### What you are asked to do
The full listing must be reproduced exactly as given.
⟨
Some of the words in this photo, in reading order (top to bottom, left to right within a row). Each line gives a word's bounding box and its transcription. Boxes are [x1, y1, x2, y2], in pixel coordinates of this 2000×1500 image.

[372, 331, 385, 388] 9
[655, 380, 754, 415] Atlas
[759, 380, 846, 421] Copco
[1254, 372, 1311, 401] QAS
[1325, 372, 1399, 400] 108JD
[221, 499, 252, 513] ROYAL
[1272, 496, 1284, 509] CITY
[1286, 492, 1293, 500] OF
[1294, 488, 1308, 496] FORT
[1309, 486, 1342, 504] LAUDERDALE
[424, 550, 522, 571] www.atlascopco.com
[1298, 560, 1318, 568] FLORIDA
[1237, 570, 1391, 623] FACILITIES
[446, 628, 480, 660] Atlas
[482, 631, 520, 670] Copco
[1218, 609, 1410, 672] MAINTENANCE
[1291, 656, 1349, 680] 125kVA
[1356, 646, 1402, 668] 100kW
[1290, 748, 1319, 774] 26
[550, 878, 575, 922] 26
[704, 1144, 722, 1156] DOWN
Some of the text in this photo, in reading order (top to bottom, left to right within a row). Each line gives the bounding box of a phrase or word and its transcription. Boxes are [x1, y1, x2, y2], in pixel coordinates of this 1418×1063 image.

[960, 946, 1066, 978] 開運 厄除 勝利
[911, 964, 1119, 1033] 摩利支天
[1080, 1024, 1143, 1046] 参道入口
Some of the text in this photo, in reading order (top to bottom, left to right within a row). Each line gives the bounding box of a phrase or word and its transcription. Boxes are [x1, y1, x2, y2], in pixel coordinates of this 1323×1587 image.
⟩
### Solution to the problem
Some of the words in this photo, in reading order (top to bottom, left to right within a row). Each line gives a word's bounding box and its transcription. Boxes are [x1, y1, x2, y2], in pixel coordinates of this 2000×1500 image.

[372, 331, 385, 388] 9
[655, 380, 754, 415] Atlas
[759, 380, 846, 421] Copco
[1254, 372, 1311, 401] QAS
[1325, 372, 1399, 400] 108JD
[221, 499, 252, 513] ROYAL
[1272, 496, 1284, 509] CITY
[1286, 492, 1293, 500] OF
[1294, 488, 1308, 496] FORT
[1309, 486, 1342, 504] LAUDERDALE
[424, 550, 522, 571] www.atlascopco.com
[1298, 560, 1318, 568] FLORIDA
[1237, 570, 1391, 623] FACILITIES
[446, 628, 480, 660] Atlas
[482, 631, 520, 670] Copco
[1218, 609, 1410, 672] MAINTENANCE
[1291, 656, 1349, 680] 125kVA
[1356, 646, 1402, 668] 100kW
[1290, 748, 1319, 774] 26
[550, 878, 575, 922] 26
[704, 1144, 722, 1156] DOWN
Some of the text in this photo, in reading order (top to bottom, left to right within a row). Each line gives the bounding box of a phrase or word and its transcription. Boxes are [x1, y1, x2, y2], in pixel coordinates of this 1418×1063 image.

[960, 946, 1066, 978] 開運 厄除 勝利
[911, 964, 1119, 1033] 摩利支天
[1080, 1024, 1143, 1046] 参道入口
Some of the text in this photo, in reading order (top to bottom, left to right within a row). Each line gives the bounding box of a phrase or word and its transcription. Boxes are [x1, y1, x2, y2], in pixel coordinates of this 1323×1587 image.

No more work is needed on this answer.